Why would we need a compressor that is very-very fast but cannot compete with well-known codecs in terms of quality?
I think such a compressor might be useful for several reasons:
- To quickly encode an uncompressed texture on the fly. When you need to use uncompressed texture for rendering (synthesised or fetched from the Internet), it may be a good option to compress it first using Goofy to save some device memory and performance.
- To make a "preview" build for massive projects. Usually, you need to compress thousands of textures before you can play or test the build. Sometimes you don't care about texture quality that much, and you only want to get you playable build as fast as possible.
- Quick preview for live-sync tools. You can immediately show any texture changes using Goofy and then run a more high-quality but slow encoder in parallel to improve the final look of the texture (progressive live texture sync)
Design Principles
- Performance over quality.
- One heuristics to rule them all. In favor of speed, I can't afford to check different combinations or explore a solution space deep enough.
- SSE2 friendly. Let's get this SSE2 thing to the extreme! I should be able to run encoder sixteen SIMD lanes wide using SSE2 instruction set.
Goofy Algorithm
- Find the principal axis using the diagonal of the bounding box in RGB space.
- Convert the principal axis to perceptual brightness using the YCoCg color model.
- Convert all the 16 block pixel from RGB to perceptual brightness
- Project 16 pixels to the principal axis using brightness values
- For ETC1 encoder, get a base color as an average color of 16 pixels but adjust the brightness to get into the center of the principal axis.
Of course, the devil is in the detail; there are a lot of small optimizations/tricks on how to make it fast and parallel for 16 pixels at a time. I recommend you to look at the code for this, I tried to make it as clear as possible and made a lot of comments to keep the data transformation flow clear.
ETC1 always encoded using ETC1s format.
NOTE: Due to quantization based on perceptual brightness and because of ETC1s format limitation Goofy codec doesn't fit well for Normal Maps.
Performance and Quality
All the performance timings below gathered for the following CPU: i7-7820HQ, 2.9Ghz single thread.
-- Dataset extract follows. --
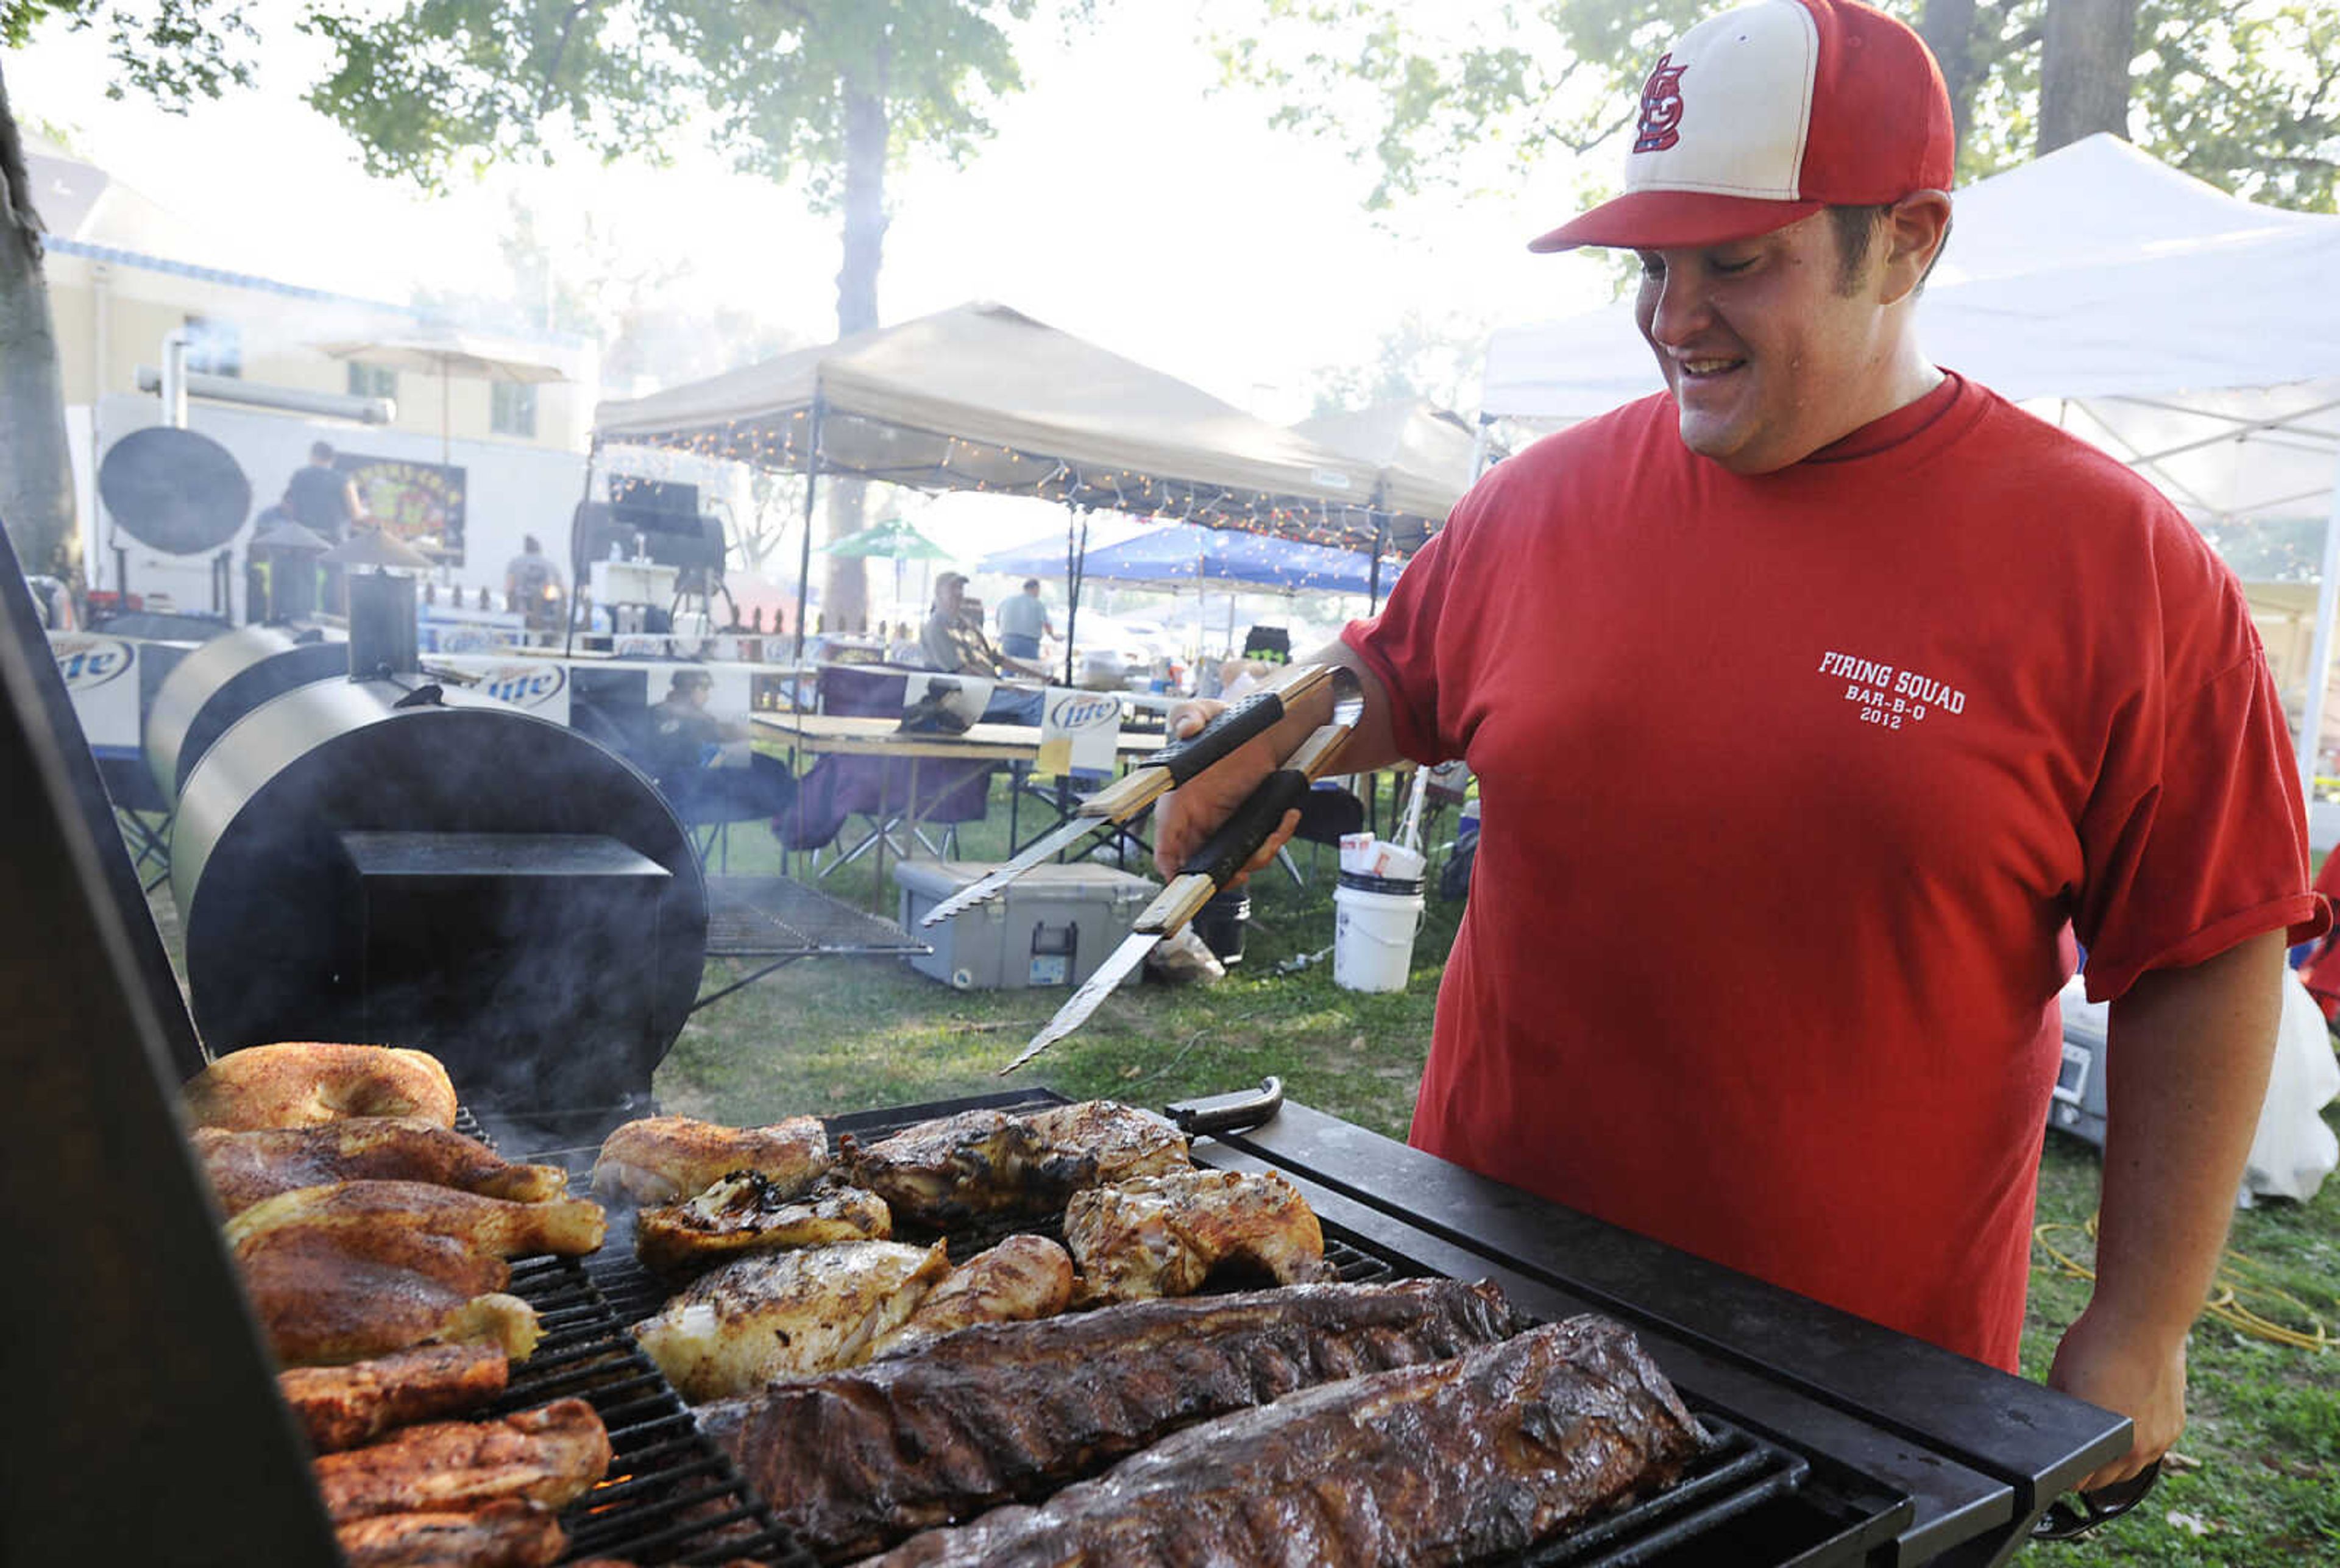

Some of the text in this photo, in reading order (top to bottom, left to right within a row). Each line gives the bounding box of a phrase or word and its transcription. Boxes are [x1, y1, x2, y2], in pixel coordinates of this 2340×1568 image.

[1818, 651, 1966, 715] FIRING SQUAD
[1860, 706, 1902, 730] 2012
To compute timings, I ran encoder 128 times and chose the fastest timing from the run to avoid noise from OS.
Encoder | MP/s | RGB-PSNR (db) |
---|---|---|
Baseline | n/a | 33.39 |
Goofy DXT1 | 1429 | 37.02 |
Goofy ETC1 | 1221 | 36.30 |
Those numbers looks pretty good. As far as I can tell, this is the fastest CPU compressor available at the moment. https://github.com/castano/nvidia-texture-tools/wiki/RealTimeDXTCompression
Examples of Compressed Images
Comparison with other Encoders
For all the encoders in the comparison, I've used the fastest available options/lowest quality.
Encoder | MP/s | RGB-PSNR (db) |
---|---|---|
Baseline | n/a | 33.39 |
Goofy DXT1 | 1429 | 37.02 |
icbc DXT1 v1.0 (SSE2 enabled, fast DXT encoding using box fitting) | 24 | 41.00 |
rgbcx v1.08 (level0 low-quality) | 60 | 40.85 |
ryg DXT1 (STB_DXT_NORMAL) | 43 | 40.82 |
Goofy ETC1 | 1221 | 36.30 |
Basisu ETC1 | n/a | 36.27 |
rg v1.04 ETC1 (low-quality, dithering disabled) | 3 | 40.87 |
The following chart shows the RGB-PSNR vs. Performance for every image in the test image set.
Note: As I mentioned earlier compressed Normal Map quality is way worse than photos or albedo textures.
Note: Comparison with "Basisu" is not fair, because this library is supercompressor and target to reduce the final image size. But this is the only ETC1S codec available to compare.
Usage
Goofy is a header-only library and it's very easy to use.
// Add a preprocessor definition and include goofy header
#define GOOFYTC_IMPLEMENTATION
#include <goofy_tc.h>
// You are all set
void test(unsigned char* result, const unsigned char* input, unsigned int width, unsigned int height, unsigned int stride)
{
goofy::compressDXT1(dest, source, width, height, stride);
goofy::compressETC1(dest, source, width, height, stride);
}
Next steps
At some point, I hope I'll make a DXT5/ETC2 alpha encoder based on this code. It should be pretty much straightforward because I can use alpha directly instead of brightness.
Look like it should be easy enough to write support for ARM NEON instruction set. Lack of _mm_movemask_epi8
analog may cause some extra troubles, but everything else should be fine.
I appreciate any push requests and improvements. Feel free to ping me and/or send your PRs.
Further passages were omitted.